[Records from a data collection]

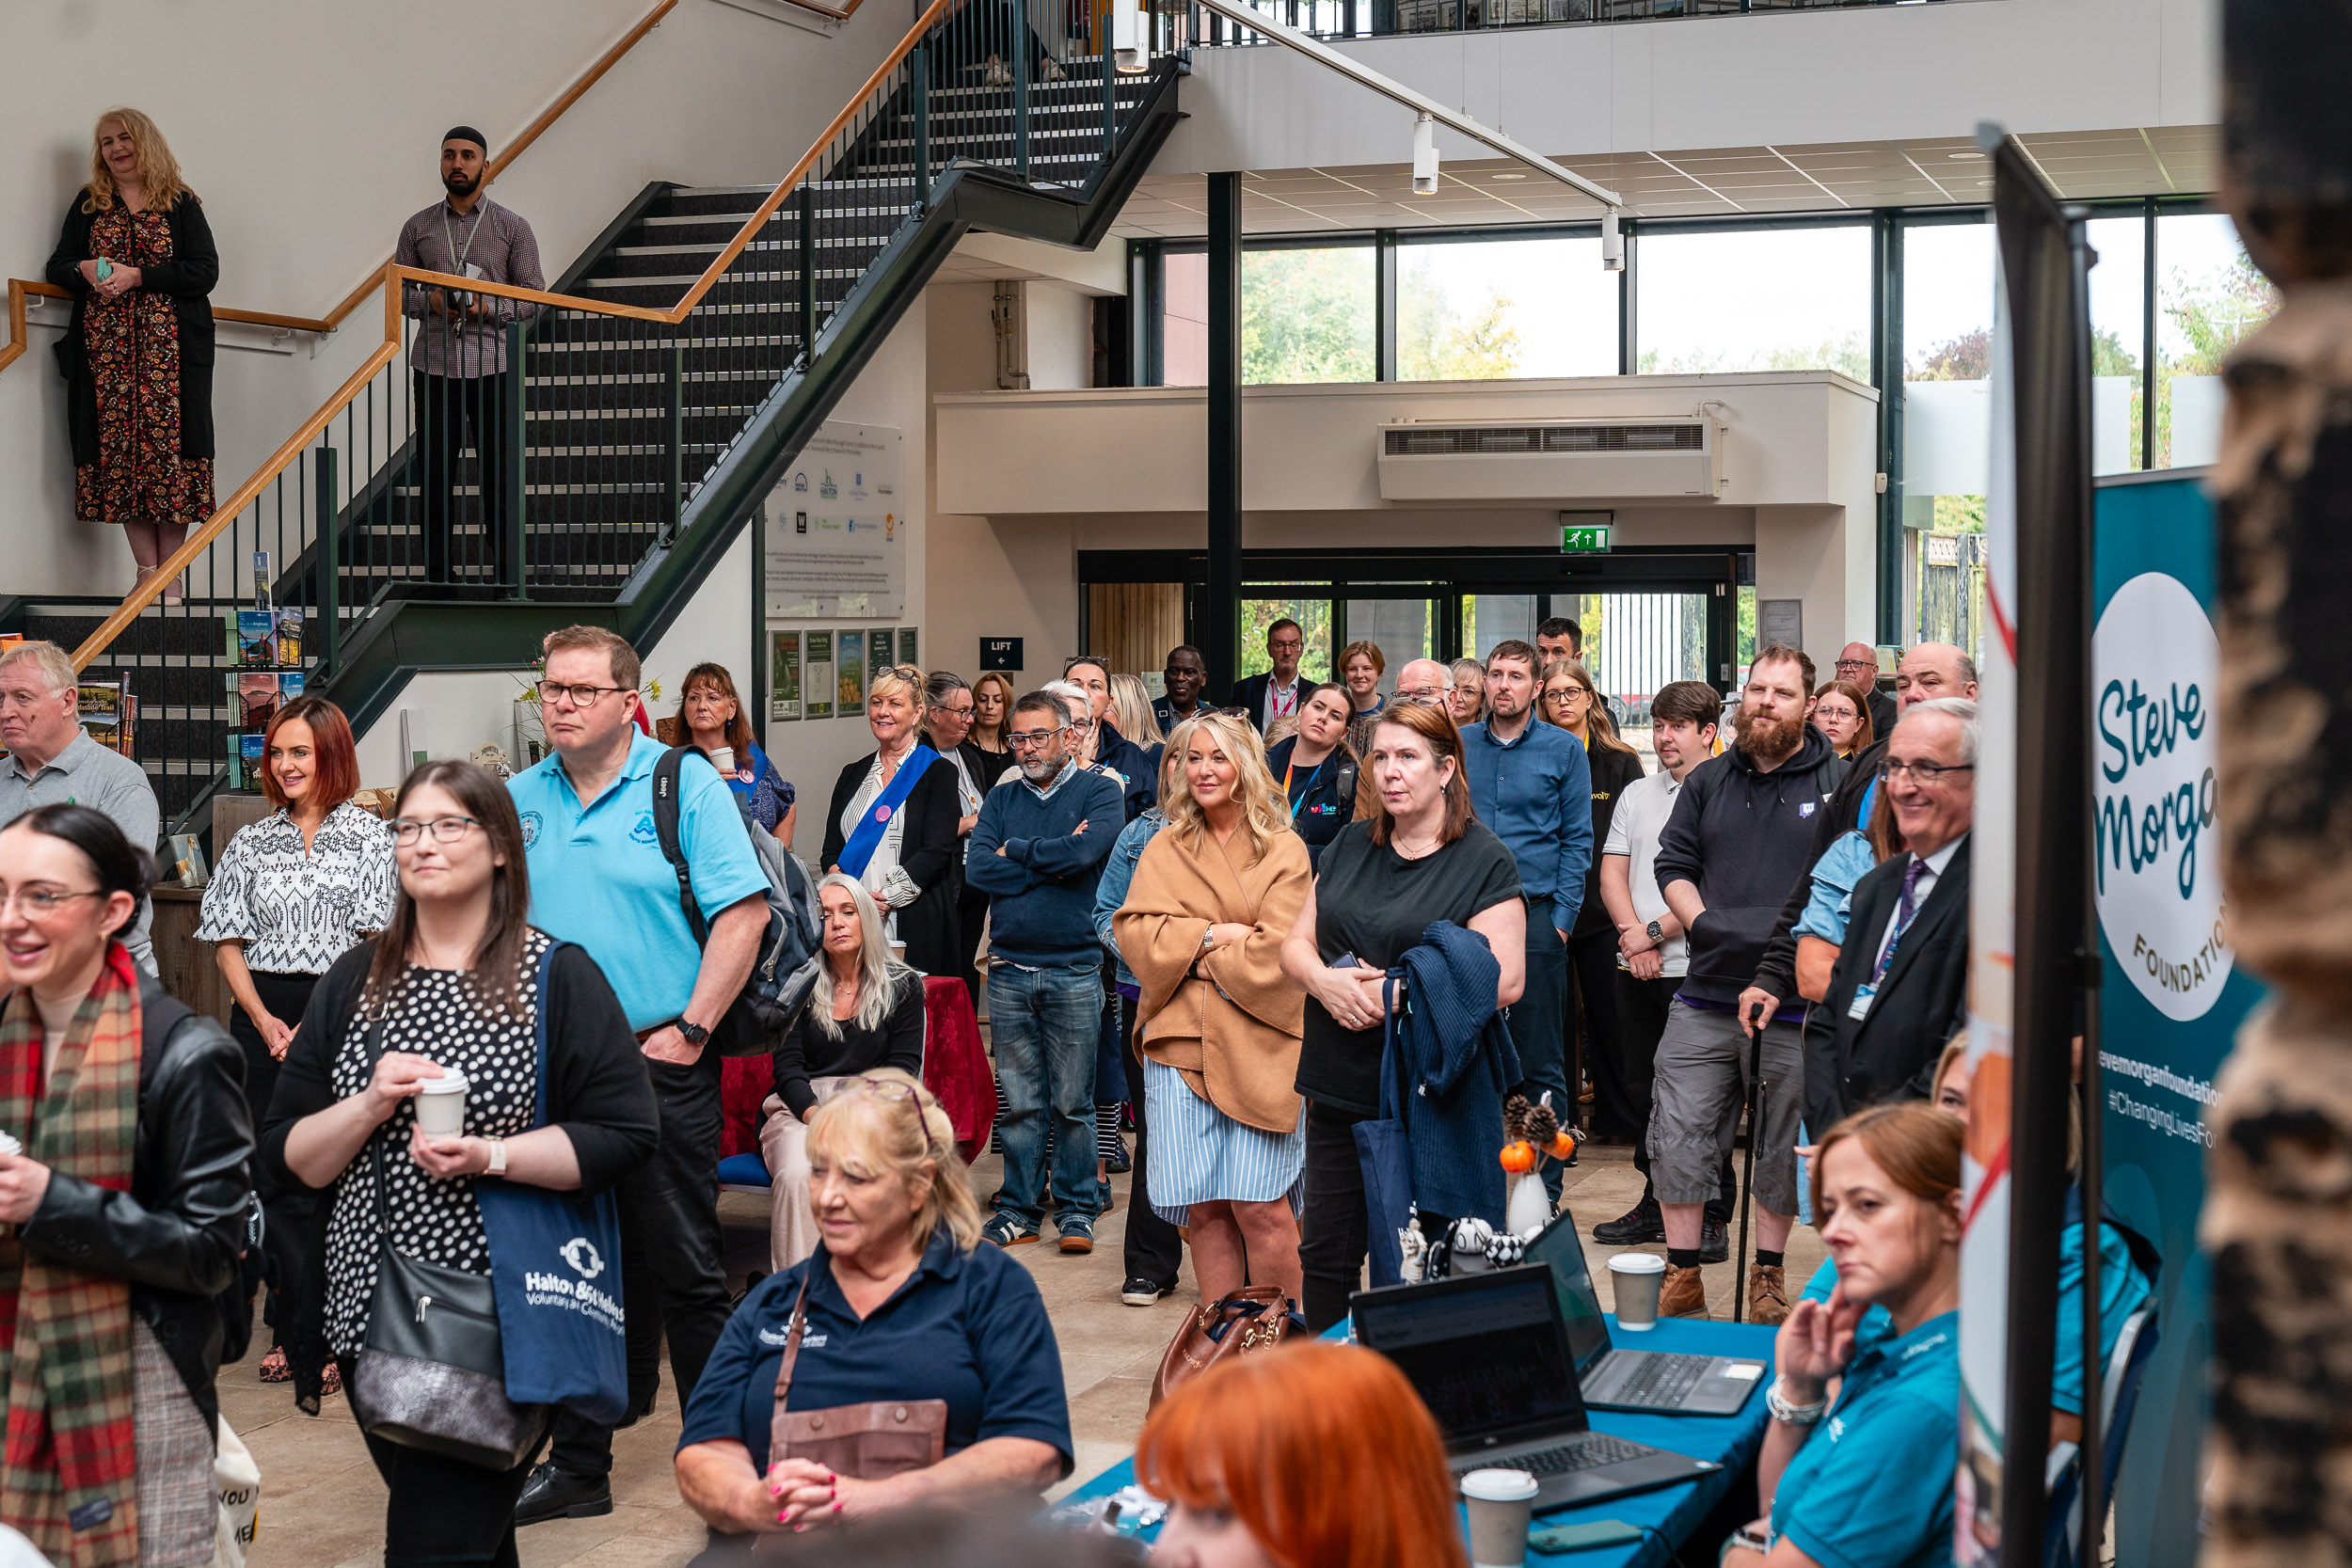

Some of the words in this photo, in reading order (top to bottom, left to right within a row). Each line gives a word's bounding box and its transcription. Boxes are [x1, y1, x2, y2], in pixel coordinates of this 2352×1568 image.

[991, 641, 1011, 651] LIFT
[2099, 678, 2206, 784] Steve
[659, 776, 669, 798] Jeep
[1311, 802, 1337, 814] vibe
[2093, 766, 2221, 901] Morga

▸ Directions
Repeat the records in full, exactly as they appear, but with the pictures removed.

▸ Written response
Some of the words in this photo, in reading order (top to bottom, left to right within a row). Each line gives a word's bounding box and its transcription. Boxes are [x1, y1, x2, y2], in pixel coordinates of this 2352×1568 image.

[991, 641, 1011, 651] LIFT
[2099, 678, 2206, 784] Steve
[659, 776, 669, 798] Jeep
[1311, 802, 1337, 814] vibe
[2093, 766, 2221, 901] Morga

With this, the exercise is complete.